How big is the bill? The $900 billion COVID stimulus package is only a portion of the much larger $1.4 Trillion Consolidated Appropriations Act, 2021 (CAA). In total, the CAA contains 72 separate tax-related provisions, though most are routine extensions or clarifications.

Highlights of the COVID Relief Bill

The big CAA news is the $900 billion economic stimulus package, which contains significant help for small businesses. The $325 billion in business relief includes $275 billion for another round of the Paycheck Protection Program (PPP) to help small businesses keep employees on payroll (including the self-employed). Additionally, there is help to get more money flowing in the economy. Most individuals will receive a $600 payment and increased federal unemployment benefits will continue.

Individuals making under $75,000 in the previous tax year will receive $600, while couples earning less than $150,000 will get $1,200. An additional $600 is per child. The amount starts to phase out for individuals and couples who exceed the annual income thresholds.

The COVID relief bill only partially restores enhanced federal unemployment benefits that expired over the summer. It gives those who lost their job an additional $300 a week for nearly three more months (on top of state benefits). The weekly benefits will start after Dec. 26 and expire by March 14.

COVID Relief & Real Estate

It’s estimated that by January the combined rent owed to landlords nationwide could reach $24 billion (according to a study by Global Investment Bank). The CAA includes $25 billion in rent payments. This help can be applied to past or future rent (and other housing-related expenses). But renters need to take action to receive this help. They must apply to organizations selected by state and local officials that administer the program.

Once a renter qualifies for assistance, the administering organization would send the payment directly to the landlord. Renters can be eligible for 12 months of rental assistance to make them whole with their landlords. Smaller landlords are a major source of rental housing for low-income people. Therefore providing rental assistance to low-income households is well-targeted to help them and their landlords. The aid package also extends an eviction moratorium for some renters through January 2021.

COVID Relief Bill: PPP Round Two

Under the renewed PPP, $285 billion targets particularly hard-hit businesses to get a second loan. The new COVID relief bill offers a second cash infusion for those who meet stricter terms. Borrowers with fewer than 300 employees that had a 25% drop in sales from a year earlier in at least one quarter could qualify for an additional loan of up to $2 million.
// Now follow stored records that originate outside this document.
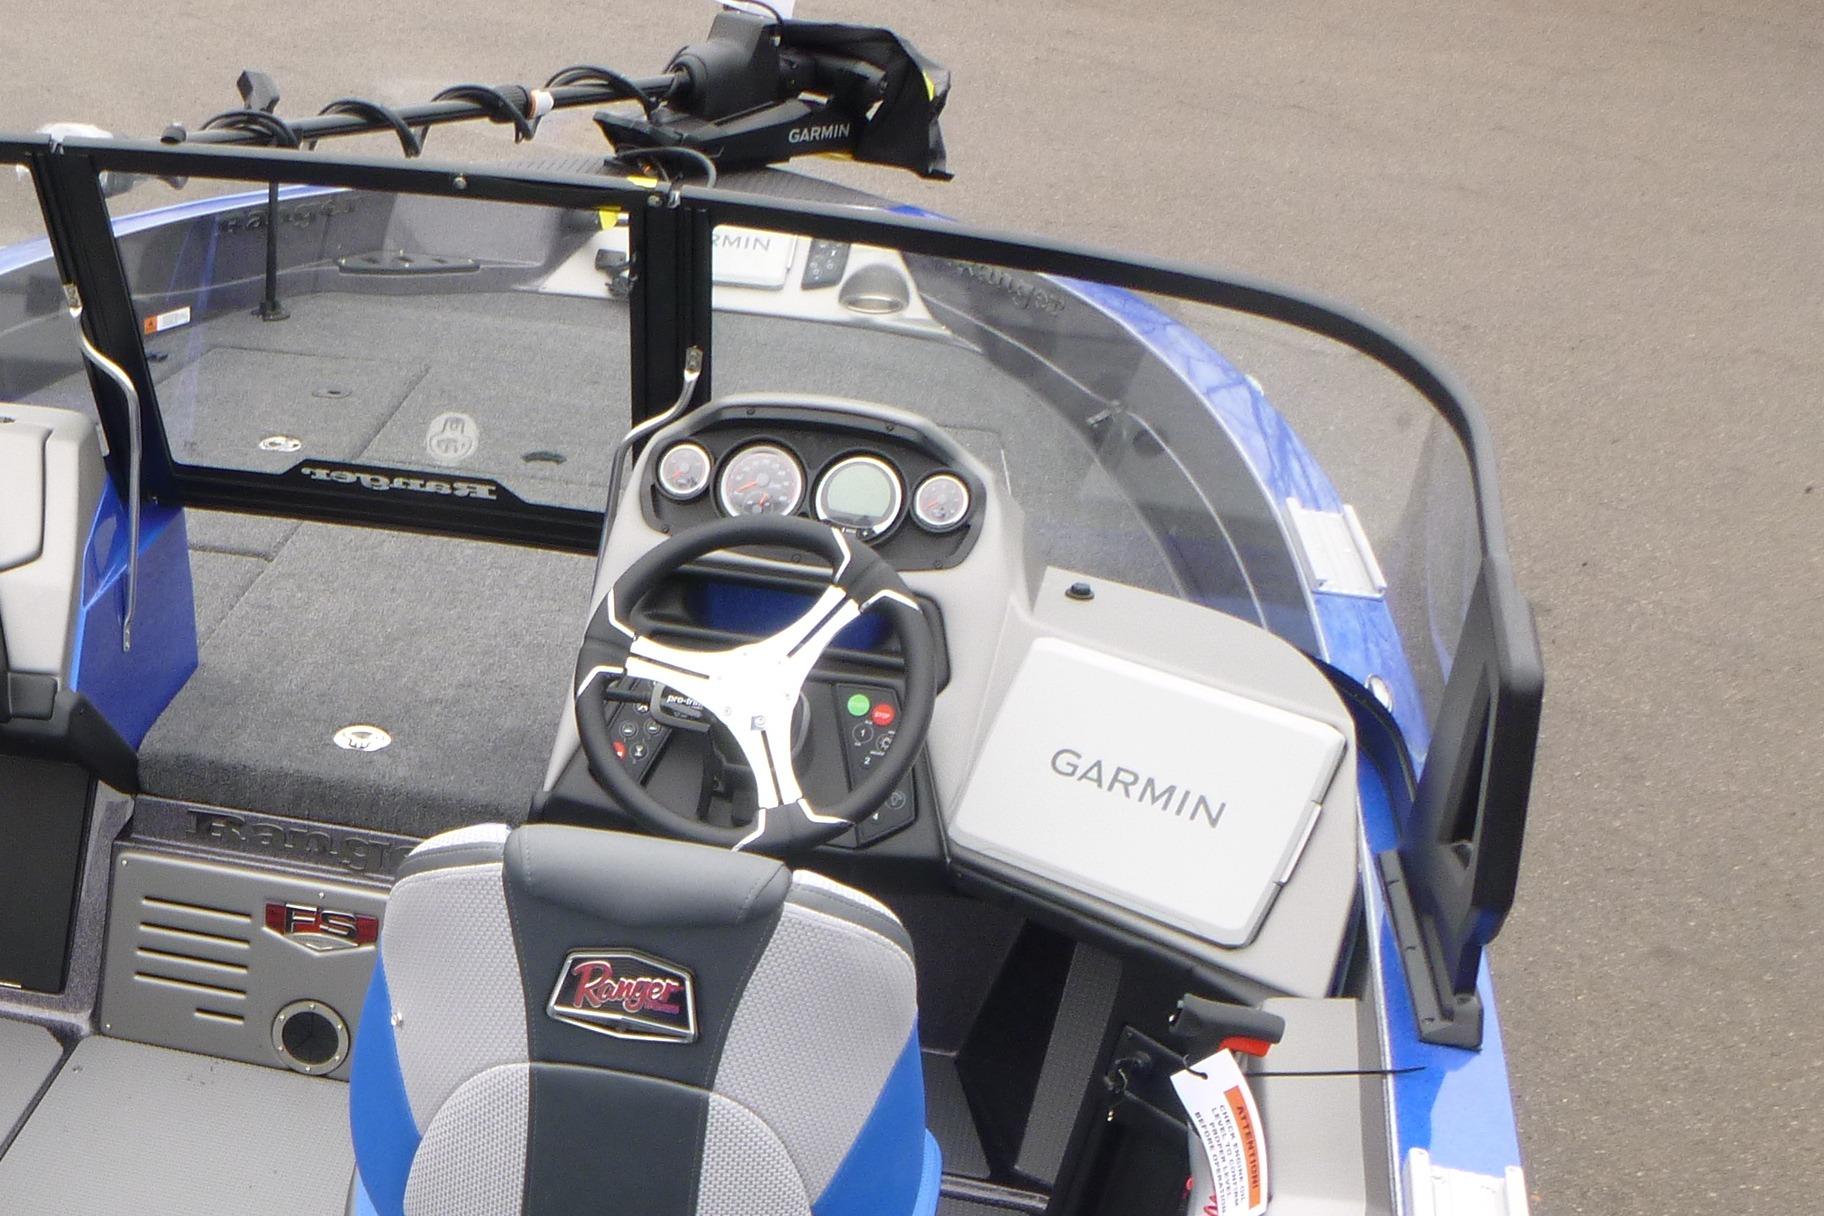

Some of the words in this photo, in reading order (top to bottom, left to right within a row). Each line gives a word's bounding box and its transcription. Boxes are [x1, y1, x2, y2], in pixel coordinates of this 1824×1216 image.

[788, 122, 851, 144] GARMIN
[1050, 748, 1226, 829] GARMIN
[283, 902, 358, 938] FS
[571, 959, 685, 1014] Ranger
[1194, 1111, 1215, 1150] BEFORE
[1211, 1107, 1227, 1141] LEVEL
[1219, 1104, 1236, 1141] CHECK
[1232, 1142, 1244, 1182] ENGINE
[1237, 1105, 1260, 1190] ATTENTION!
[1209, 1121, 1226, 1163] PROPER
[1222, 1165, 1232, 1197] LEVEL
Under the CARES Act, $523 billion went to 5.2 million borrowers. The springtime loans, guaranteed by the Small Business Administration, saw the four biggest lenders (Bank of America, JPMorgan Chase, Cross River Bank, and Wells Fargo) collectively make more than 1 million of the program’s loans — all 4 have say they intend to participate again. It’s unknown exactly how fast these loans will begin. Given the gravity of the current economic situation, many expect it to be within days or a few weeks.

Known Details About the New PPP

PPP Loans are intended to be forgiven if business owners comply with the program’s rules. The first time around, there was considerable confusion about the forgiveness rules. At the highest level, loans forgiveness occurred if:

  • Funds are used for payroll costs, utilities, rent, and mortgage interest. (Includes expenses for a home office to the extent of your home office tax deduction.)
  • At least 60% of the loan went toward payroll costs.
  • While the loan is being used, employers must attempt in good faith to maintain similar levels of employment and pay that they had before the pandemic.
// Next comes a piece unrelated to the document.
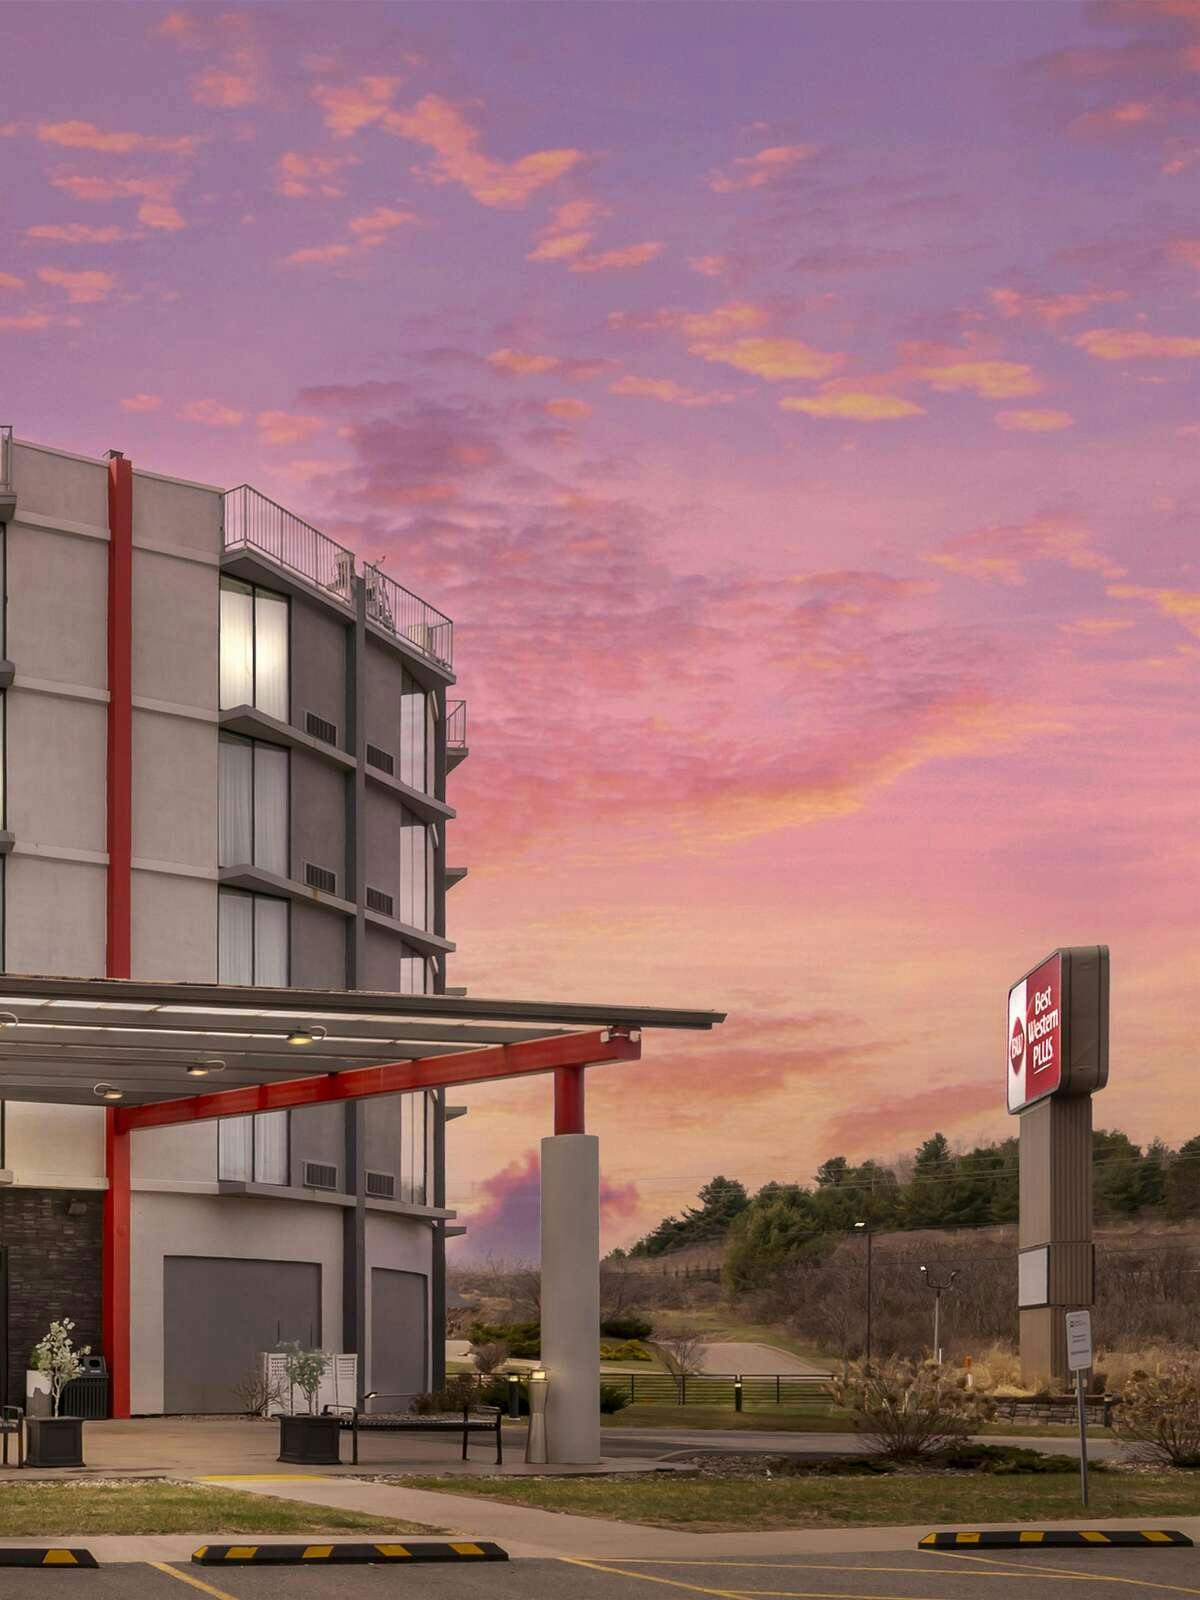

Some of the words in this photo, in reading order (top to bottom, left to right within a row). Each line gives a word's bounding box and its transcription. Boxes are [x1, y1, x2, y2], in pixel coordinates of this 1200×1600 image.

[1035, 985, 1052, 1016] Best
[1028, 1008, 1059, 1045] Western
[1032, 1036, 1054, 1069] PLUS
The renewed PPP expands the list of included expenses for loan funds. Businesses can now use the money to buy supplies from their vendors, buy protective equipment for their staff, and fix property damage “due to public disturbances”. According to a House Small Business Committee summary the latter is a reference to this year’s protests.

Importantly, business owners who received loans in the program can still claim deductions for expenses paid for with loan proceeds. This includes deductible payroll expenses.

Previous PPP Coverage

The renewed PPP should include clarification of the loan rules. But, that will take some time before it fully rolls out. It might be helpful to review Nabers Group’s previous information about how PPP could apply to your Solo 401k:

This new money will go fast. Therefore, it may be wise to submit a PPP application immediately. Consider consulting with a tax professional while you wait.

Other Stimulus

Other business-related funding (not part of PPP) includes a $15 billion grant fund for closed theaters, museums, zoos, and live event venues. There is also $12 billion for Community Development Financial Institutions. These make loans and grants to people and communities that are often unable to get traditional bank loans.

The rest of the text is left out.